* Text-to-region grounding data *
***
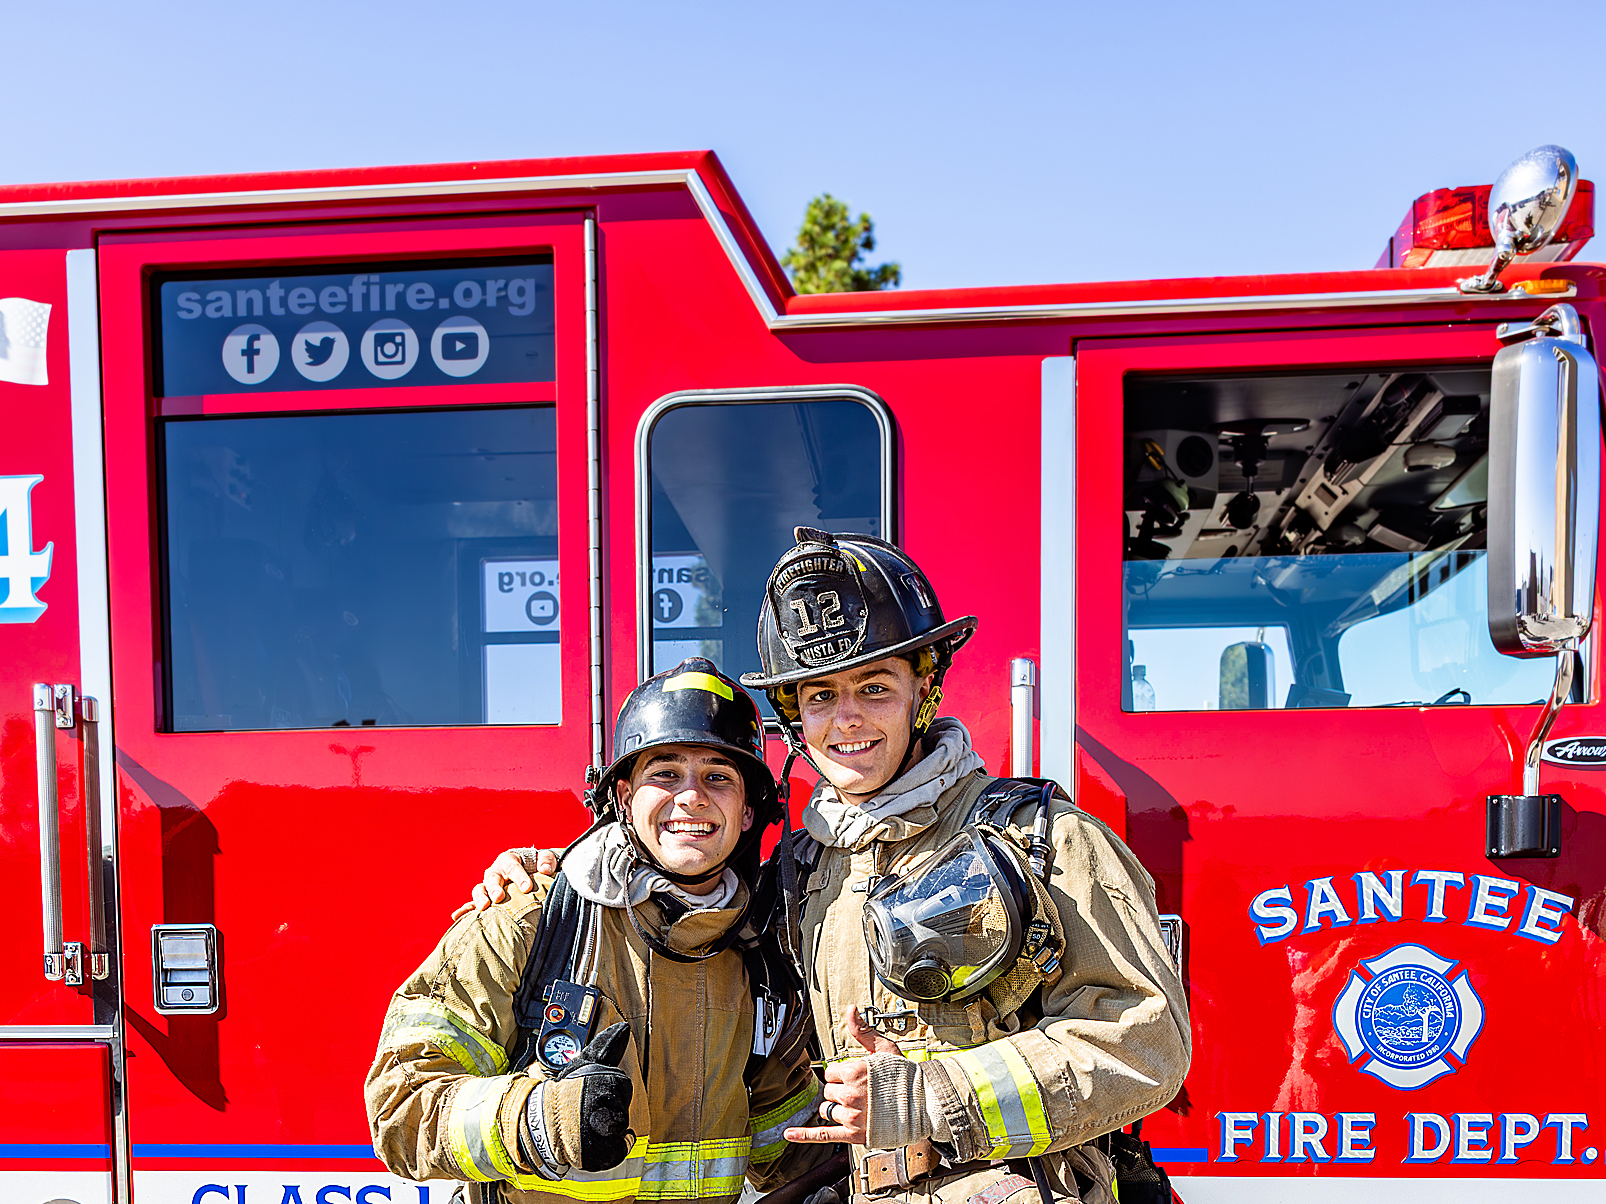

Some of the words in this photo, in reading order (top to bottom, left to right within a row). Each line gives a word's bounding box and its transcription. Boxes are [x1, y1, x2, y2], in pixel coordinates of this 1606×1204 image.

[176, 274, 537, 320] santeefire.org
[0, 474, 54, 624] 4
[777, 557, 845, 589] FIREFIGHTER
[789, 590, 845, 637] 12
[803, 641, 836, 660] VISTA
[837, 637, 852, 652] FD
[1249, 869, 1575, 948] SANTEE
[1362, 996, 1375, 1019] CITY
[1370, 983, 1382, 997] OF
[1381, 970, 1418, 987] SANTEE,
[1420, 973, 1455, 1018] CALIFORNIA
[1375, 1043, 1426, 1062] INCORPORATED
[1426, 1044, 1440, 1057] 1980
[529, 1091, 541, 1132] KNIGHT
[1214, 1111, 1377, 1165] FIRE
[1402, 1111, 1599, 1165] DEPT.
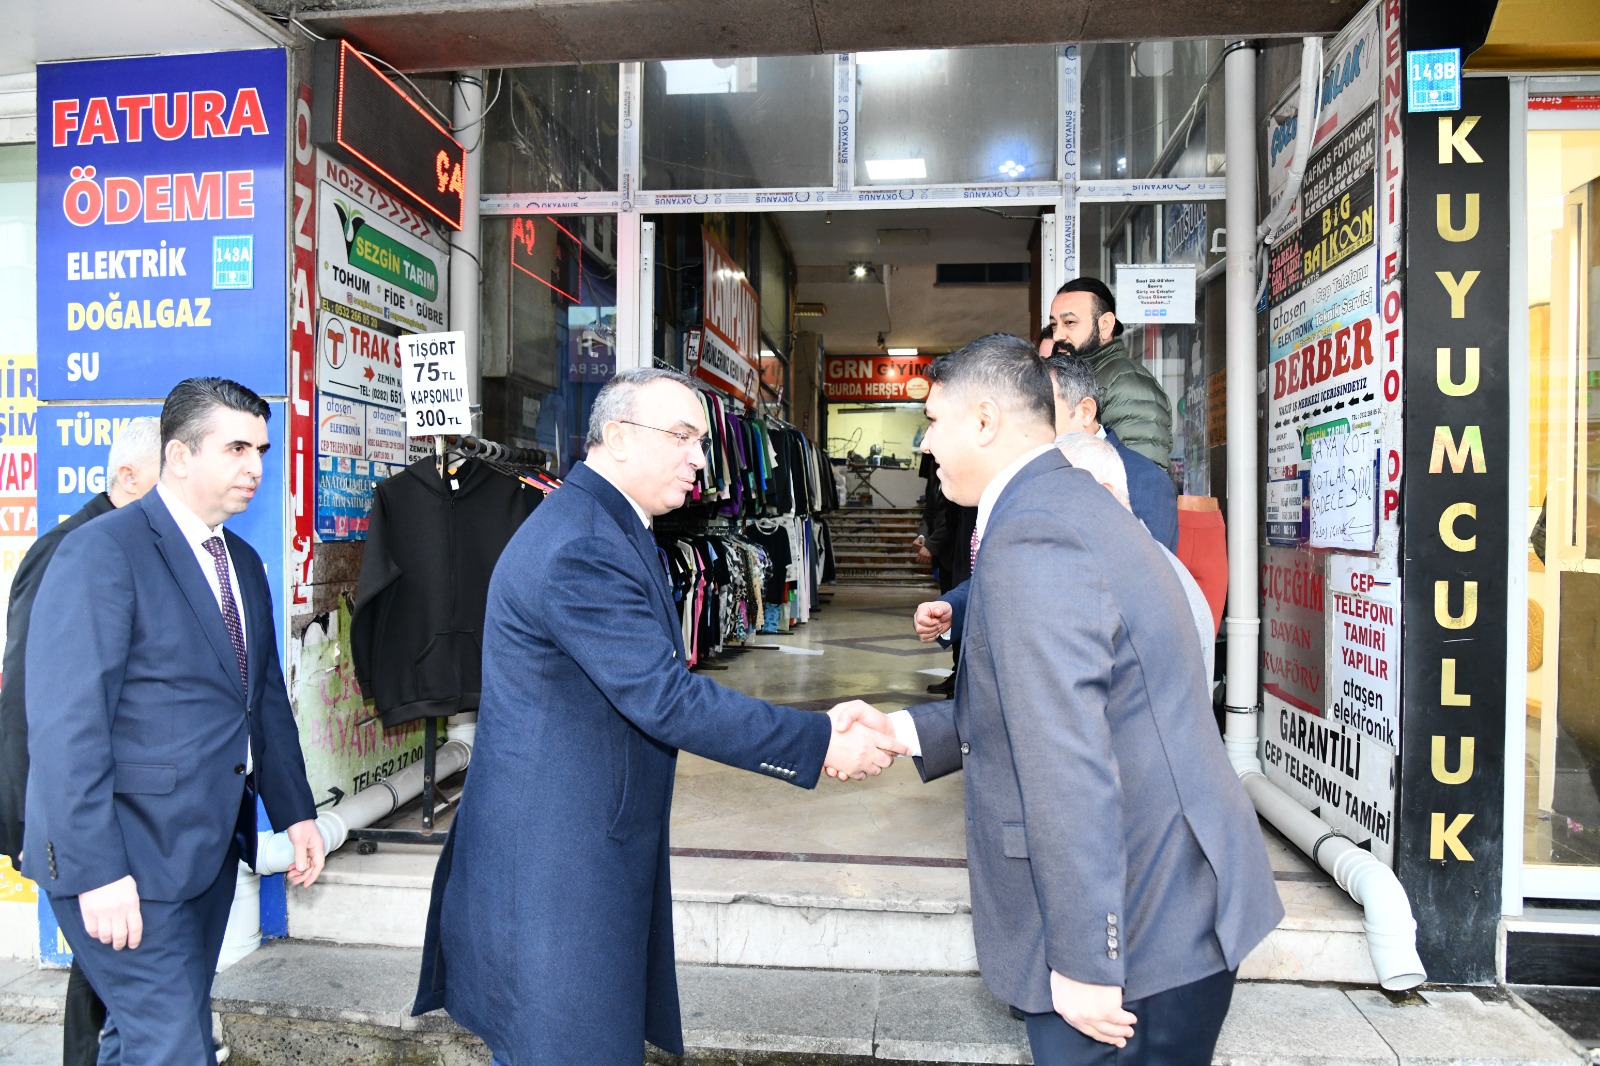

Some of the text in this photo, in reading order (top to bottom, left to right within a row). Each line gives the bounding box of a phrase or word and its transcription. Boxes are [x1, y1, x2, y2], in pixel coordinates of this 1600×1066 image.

[1412, 61, 1455, 82] 143B
[52, 87, 269, 148] FATURA
[1065, 110, 1073, 149] OKYANUS
[841, 125, 849, 164] OKYANUS
[1303, 108, 1376, 188] KAFKAS FOTOKOPİ
[1304, 139, 1374, 207] TABELA-BAYRAK
[62, 164, 255, 227] ÖDEME
[655, 197, 692, 205] OKYANUS
[755, 195, 794, 203] OKYANUS
[858, 194, 898, 202] OKYANUS
[963, 190, 1004, 199] OKYANUS
[1064, 215, 1072, 254] OKYANUS
[67, 239, 187, 281] ELEKTRİK
[216, 246, 250, 265] 143A
[356, 236, 436, 293] SEZGİN TARIM
[332, 265, 371, 296] TOHUM
[1316, 284, 1331, 303] Cep
[1332, 264, 1369, 294] Telefonu
[67, 292, 212, 332] DOĞALGAZ
[335, 303, 350, 319] 0532
[350, 308, 362, 323] 266
[384, 287, 406, 310] FİDE
[416, 301, 443, 326] GÜBRE
[1315, 302, 1341, 328] Teknik
[1341, 287, 1373, 315] Servisi
[350, 325, 390, 365] TRAK
[408, 338, 456, 360] TİŞÖRT
[1273, 317, 1374, 401] BERBER
[0, 359, 37, 400] İR
[67, 352, 99, 381] SU
[377, 373, 396, 387] ZEMİN
[413, 362, 456, 383] 75 TL
[828, 359, 873, 379] GRN
[360, 384, 402, 405] TEL: (0282) 651
[828, 383, 863, 396] BURDA
[865, 382, 905, 400] HERŞEY
[415, 408, 462, 428] 300 TL
[1343, 431, 1370, 457] KOT
[57, 466, 108, 494] DIG
[1429, 115, 1486, 862] KUYUMCULUK
[1311, 489, 1344, 520] SADECE
[1260, 556, 1324, 612] ÇİÇEĞİM
[1350, 572, 1375, 593] CEP
[1270, 618, 1311, 650] BAYAN
[1343, 622, 1386, 652] TAMİRİ
[1263, 651, 1321, 693] KVAFÖRÜ
[1341, 646, 1388, 681] YAPILIR
[1343, 677, 1384, 711] ataşen
[310, 708, 377, 758] BAYAN
[1333, 697, 1394, 747] elektronik
[1279, 708, 1361, 781] GARANTİLİ
[397, 752, 409, 772] 17
[1264, 739, 1391, 845] CEP TELEFONU TAMİRİ
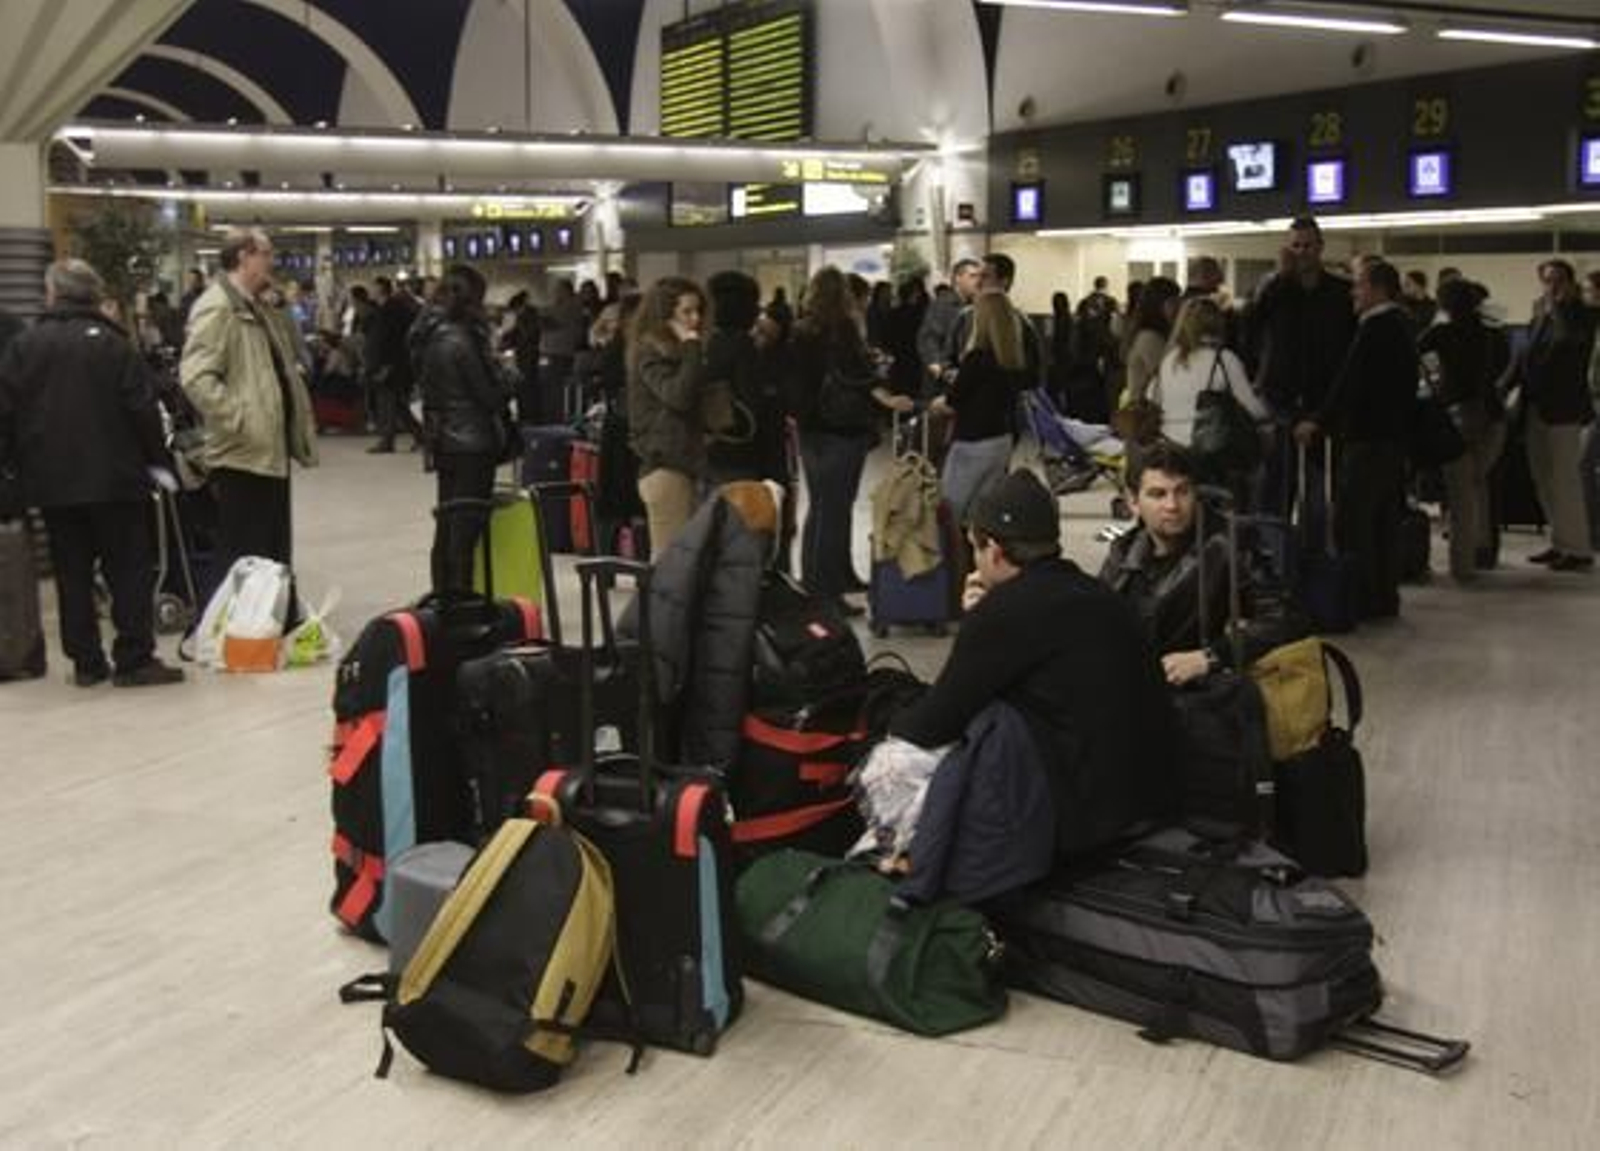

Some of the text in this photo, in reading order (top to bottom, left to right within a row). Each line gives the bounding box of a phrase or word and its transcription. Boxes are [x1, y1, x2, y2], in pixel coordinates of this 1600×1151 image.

[1310, 112, 1341, 146] 28
[1414, 98, 1447, 135] 29
[1187, 128, 1211, 160] 27
***
Once the pictures are removed, write out all of the entries above exactly.

* Task solution *
Some of the words in this photo, in reading order (top to bottom, left to right within a row). Each line gives a word's bounding box and its transcription. Boxes are [x1, y1, x2, y2], in pixel coordinates of this 1606×1204 image.

[176, 274, 537, 320] santeefire.org
[0, 474, 54, 624] 4
[777, 557, 845, 589] FIREFIGHTER
[789, 590, 845, 637] 12
[803, 641, 836, 660] VISTA
[837, 637, 852, 652] FD
[1249, 869, 1575, 948] SANTEE
[1362, 996, 1375, 1019] CITY
[1370, 983, 1382, 997] OF
[1381, 970, 1418, 987] SANTEE,
[1420, 973, 1455, 1018] CALIFORNIA
[1375, 1043, 1426, 1062] INCORPORATED
[1426, 1044, 1440, 1057] 1980
[529, 1091, 541, 1132] KNIGHT
[1214, 1111, 1377, 1165] FIRE
[1402, 1111, 1599, 1165] DEPT.

Some of the text in this photo, in reading order (top to bottom, left to right within a row). Each line gives the bounding box of a phrase or word and its transcription. Boxes are [x1, y1, x2, y2], in pixel coordinates of this 1600×1066 image.

[1412, 61, 1455, 82] 143B
[52, 87, 269, 148] FATURA
[1065, 110, 1073, 149] OKYANUS
[841, 125, 849, 164] OKYANUS
[1303, 108, 1376, 188] KAFKAS FOTOKOPİ
[1304, 139, 1374, 207] TABELA-BAYRAK
[62, 164, 255, 227] ÖDEME
[655, 197, 692, 205] OKYANUS
[755, 195, 794, 203] OKYANUS
[858, 194, 898, 202] OKYANUS
[963, 190, 1004, 199] OKYANUS
[1064, 215, 1072, 254] OKYANUS
[67, 239, 187, 281] ELEKTRİK
[216, 246, 250, 265] 143A
[356, 236, 436, 293] SEZGİN TARIM
[332, 265, 371, 296] TOHUM
[1316, 284, 1331, 303] Cep
[1332, 264, 1369, 294] Telefonu
[67, 292, 212, 332] DOĞALGAZ
[335, 303, 350, 319] 0532
[350, 308, 362, 323] 266
[384, 287, 406, 310] FİDE
[416, 301, 443, 326] GÜBRE
[1315, 302, 1341, 328] Teknik
[1341, 287, 1373, 315] Servisi
[350, 325, 390, 365] TRAK
[408, 338, 456, 360] TİŞÖRT
[1273, 317, 1374, 401] BERBER
[0, 359, 37, 400] İR
[67, 352, 99, 381] SU
[377, 373, 396, 387] ZEMİN
[413, 362, 456, 383] 75 TL
[828, 359, 873, 379] GRN
[360, 384, 402, 405] TEL: (0282) 651
[828, 383, 863, 396] BURDA
[865, 382, 905, 400] HERŞEY
[415, 408, 462, 428] 300 TL
[1343, 431, 1370, 457] KOT
[57, 466, 108, 494] DIG
[1429, 115, 1486, 862] KUYUMCULUK
[1311, 489, 1344, 520] SADECE
[1260, 556, 1324, 612] ÇİÇEĞİM
[1350, 572, 1375, 593] CEP
[1270, 618, 1311, 650] BAYAN
[1343, 622, 1386, 652] TAMİRİ
[1263, 651, 1321, 693] KVAFÖRÜ
[1341, 646, 1388, 681] YAPILIR
[1343, 677, 1384, 711] ataşen
[310, 708, 377, 758] BAYAN
[1333, 697, 1394, 747] elektronik
[1279, 708, 1361, 781] GARANTİLİ
[397, 752, 409, 772] 17
[1264, 739, 1391, 845] CEP TELEFONU TAMİRİ

Some of the text in this photo, in reading order (top to bottom, left to right within a row). Each line gives the bounding box of a phrase or word and its transcription. Boxes are [x1, y1, x2, y2], in pixel coordinates of this 1600×1151 image.

[1310, 112, 1341, 146] 28
[1414, 98, 1447, 135] 29
[1187, 128, 1211, 160] 27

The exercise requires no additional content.